For any picture in the lines below, please leave it out and copy the rest exactly.

> Records supplied
- - -
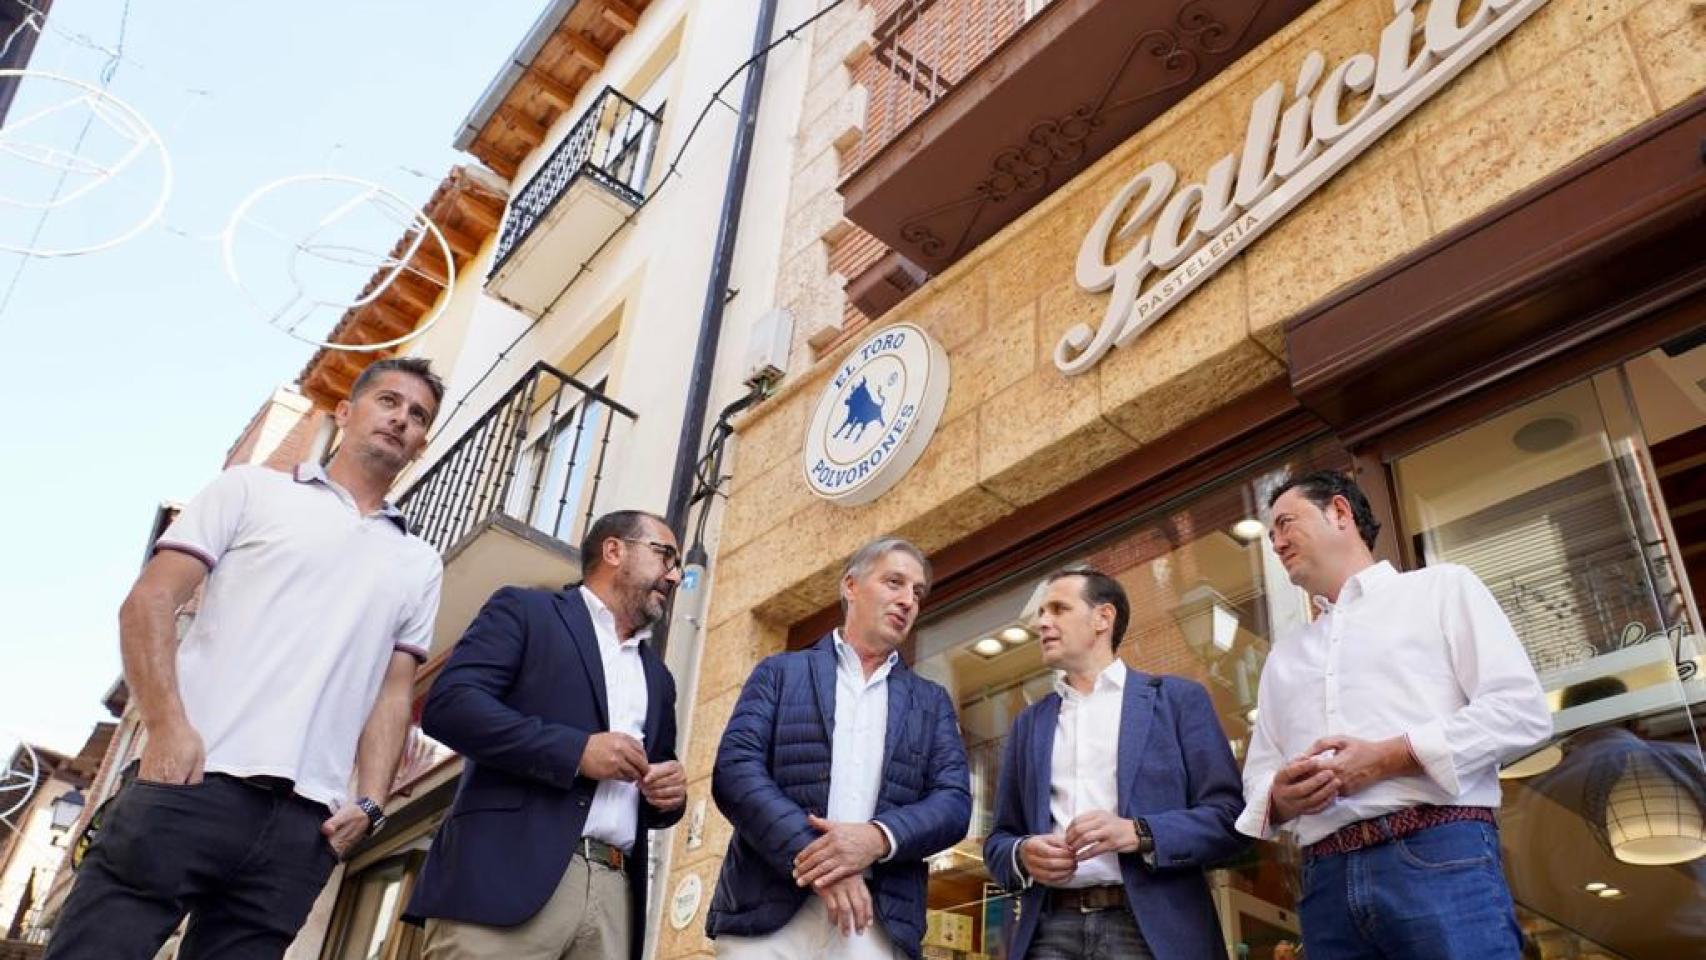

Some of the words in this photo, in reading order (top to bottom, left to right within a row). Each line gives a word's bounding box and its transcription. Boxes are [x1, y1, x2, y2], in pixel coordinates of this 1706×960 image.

[1138, 216, 1259, 318] PASTELERÍA
[834, 365, 856, 388] EL
[861, 333, 905, 361] TORO
[812, 404, 914, 487] POLVORONES
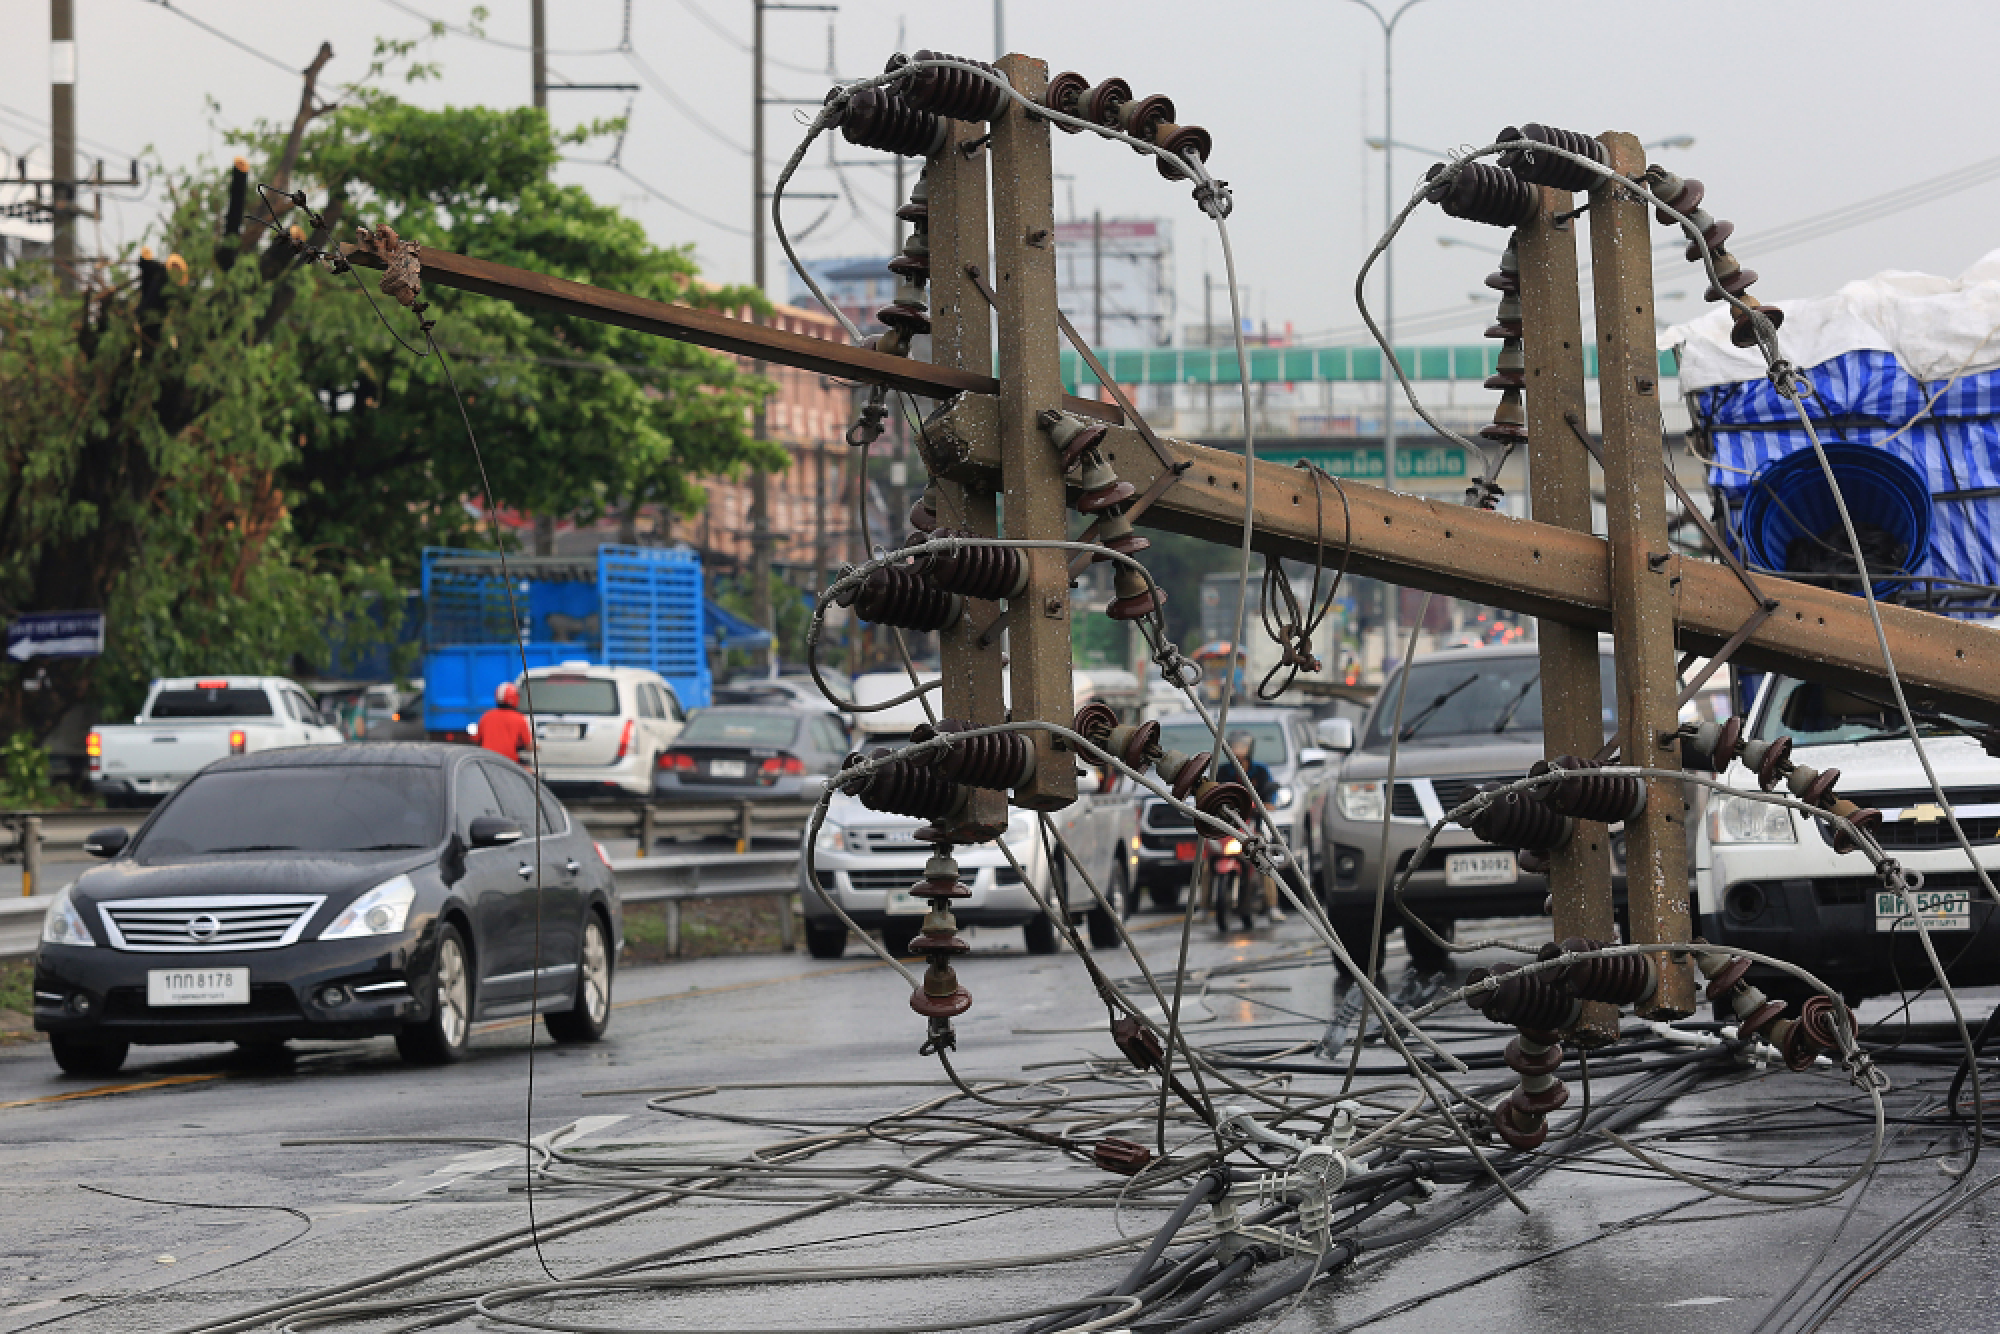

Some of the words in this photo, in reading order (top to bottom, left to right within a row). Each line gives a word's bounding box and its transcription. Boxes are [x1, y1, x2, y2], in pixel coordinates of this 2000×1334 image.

[1918, 893, 1967, 913] 5067
[164, 973, 195, 990] 1กก
[197, 972, 234, 989] 8178
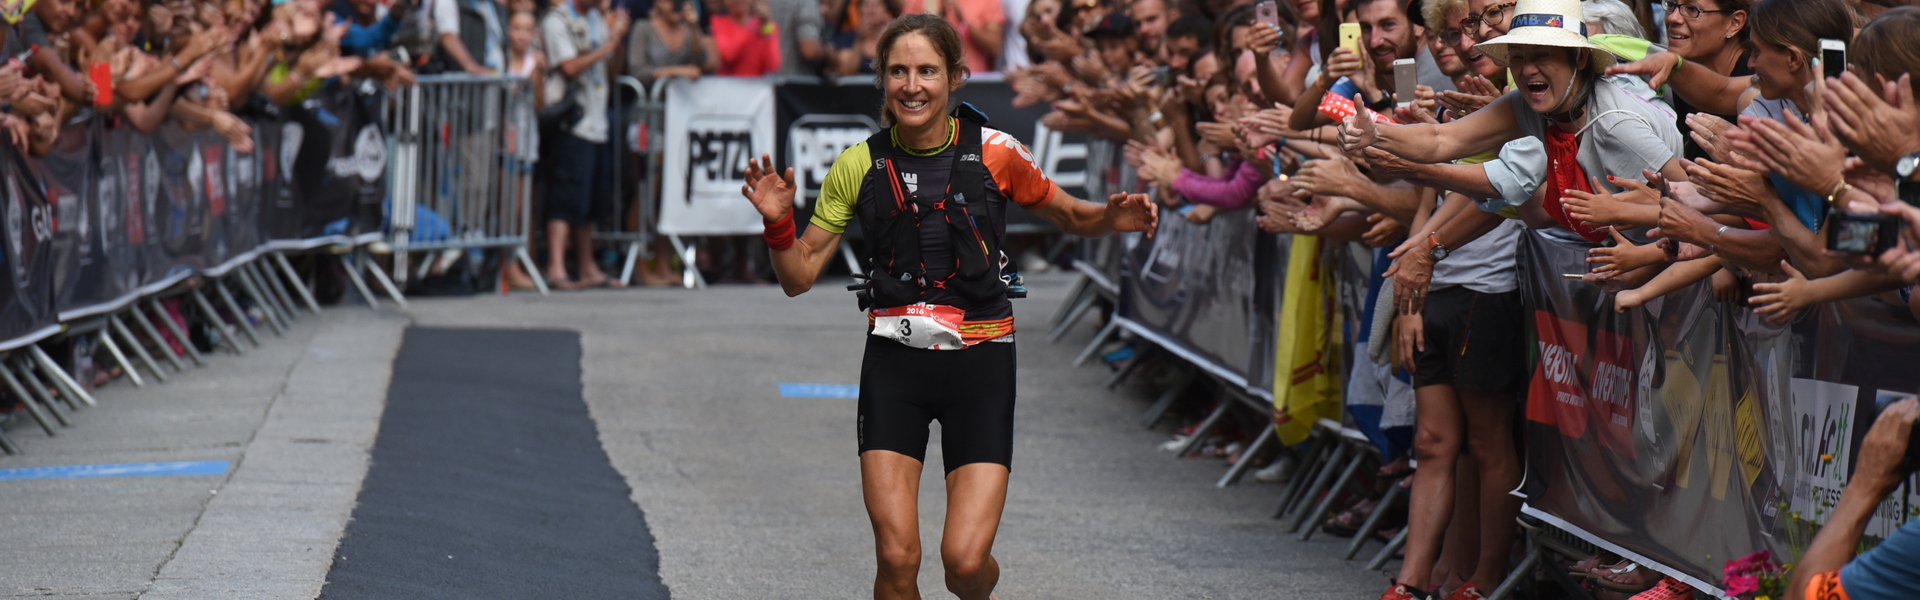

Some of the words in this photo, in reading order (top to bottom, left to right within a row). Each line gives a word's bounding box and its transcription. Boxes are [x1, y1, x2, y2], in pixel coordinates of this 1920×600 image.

[906, 307, 925, 315] 2016
[900, 318, 912, 337] 3
[933, 314, 958, 329] Columbia
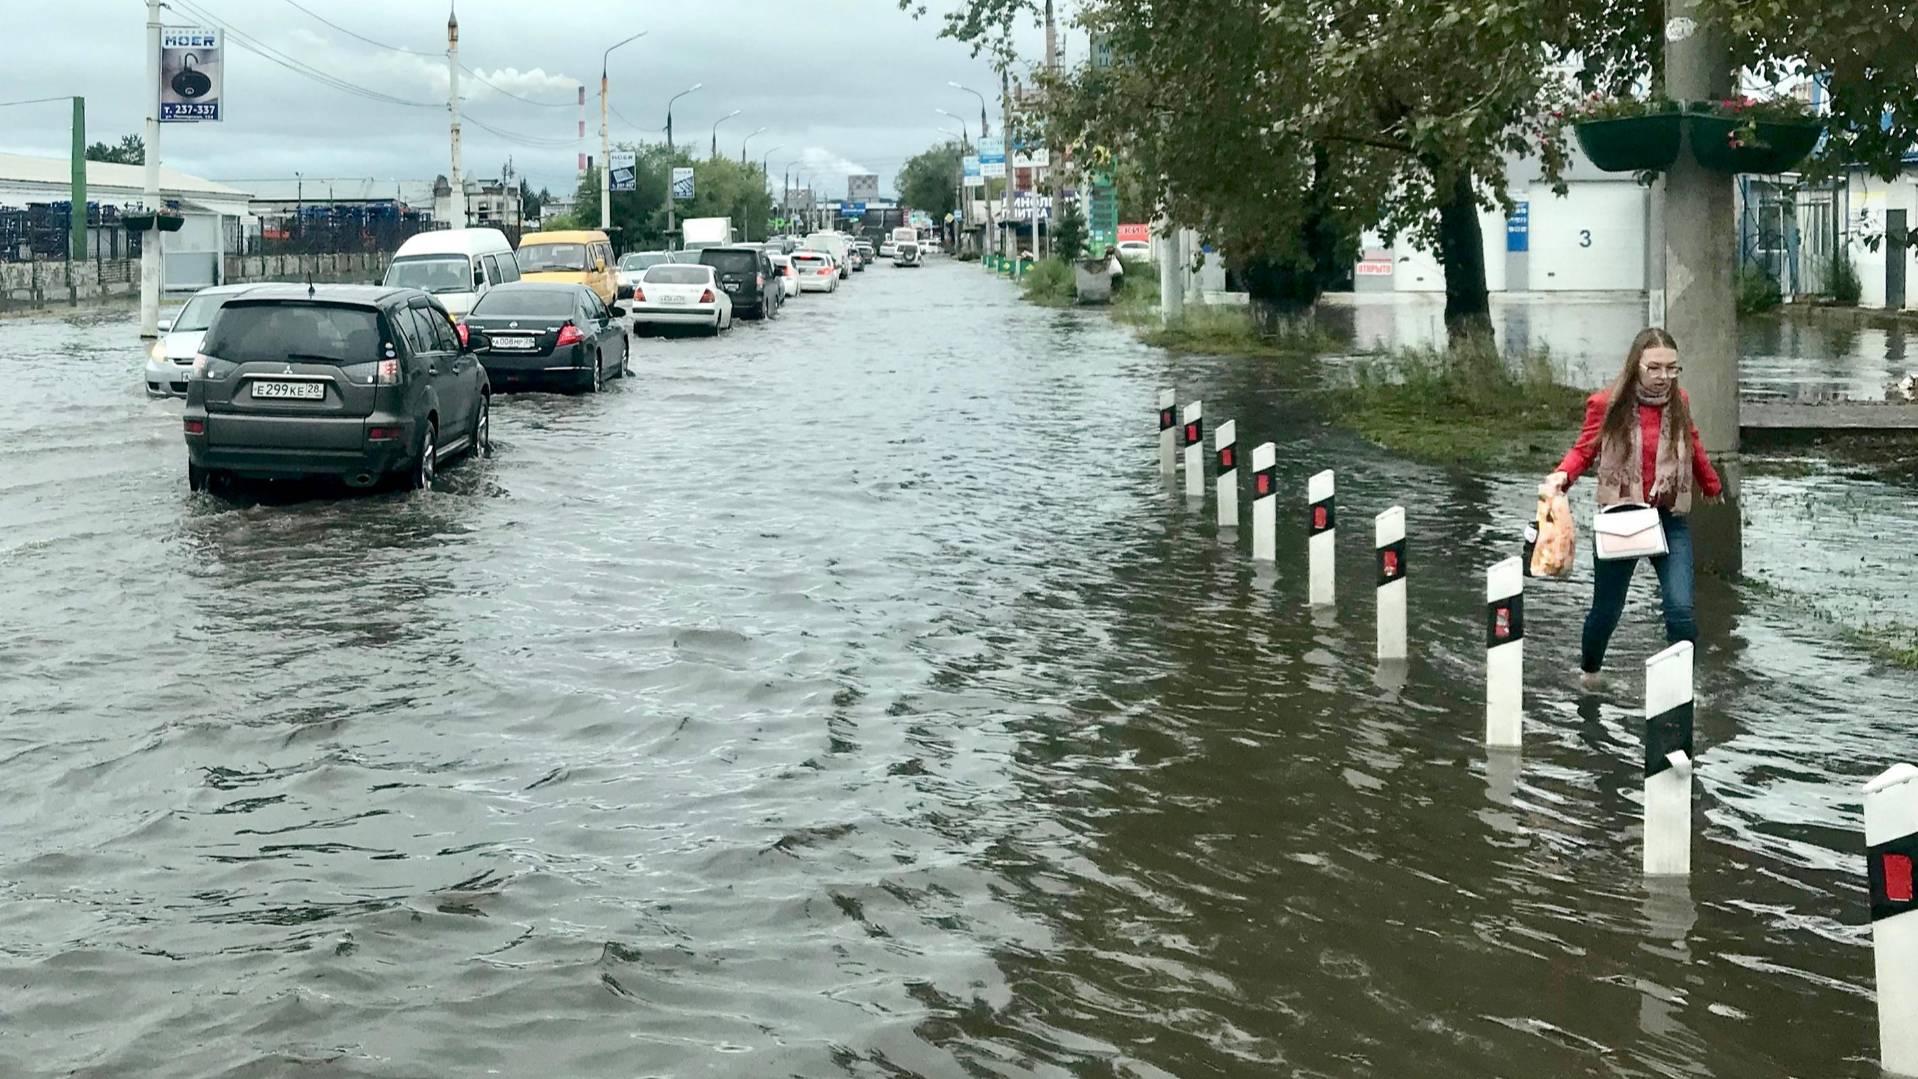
- - -
> Solution to the exercise
Some of the words in this photo, in reading order (top to bottom, left to right within a row). Each line gives a word's bounding box and its transcription. Boxes are [x1, y1, x2, y2], in pixel coordinates of this 1706×960 image.

[1138, 216, 1259, 318] PASTELERÍA
[834, 365, 856, 388] EL
[861, 333, 905, 361] TORO
[812, 404, 914, 487] POLVORONES

Some of the words in this photo, in reading order (top to bottom, left to right within a row). Each line gives a word's bounding box and its transcription. Boxes are [x1, y1, x2, y2], in pixel coordinates of this 2000×1334 image.

[1918, 893, 1967, 913] 5067
[164, 973, 195, 990] 1กก
[197, 972, 234, 989] 8178

Some of the words in this photo, in reading order (top to bottom, left to right within a row). Each line gives a word's bounding box and its transcription. Boxes are [x1, y1, x2, y2], in pixel coordinates of this 1920×600 image.

[906, 307, 925, 315] 2016
[900, 318, 912, 337] 3
[933, 314, 958, 329] Columbia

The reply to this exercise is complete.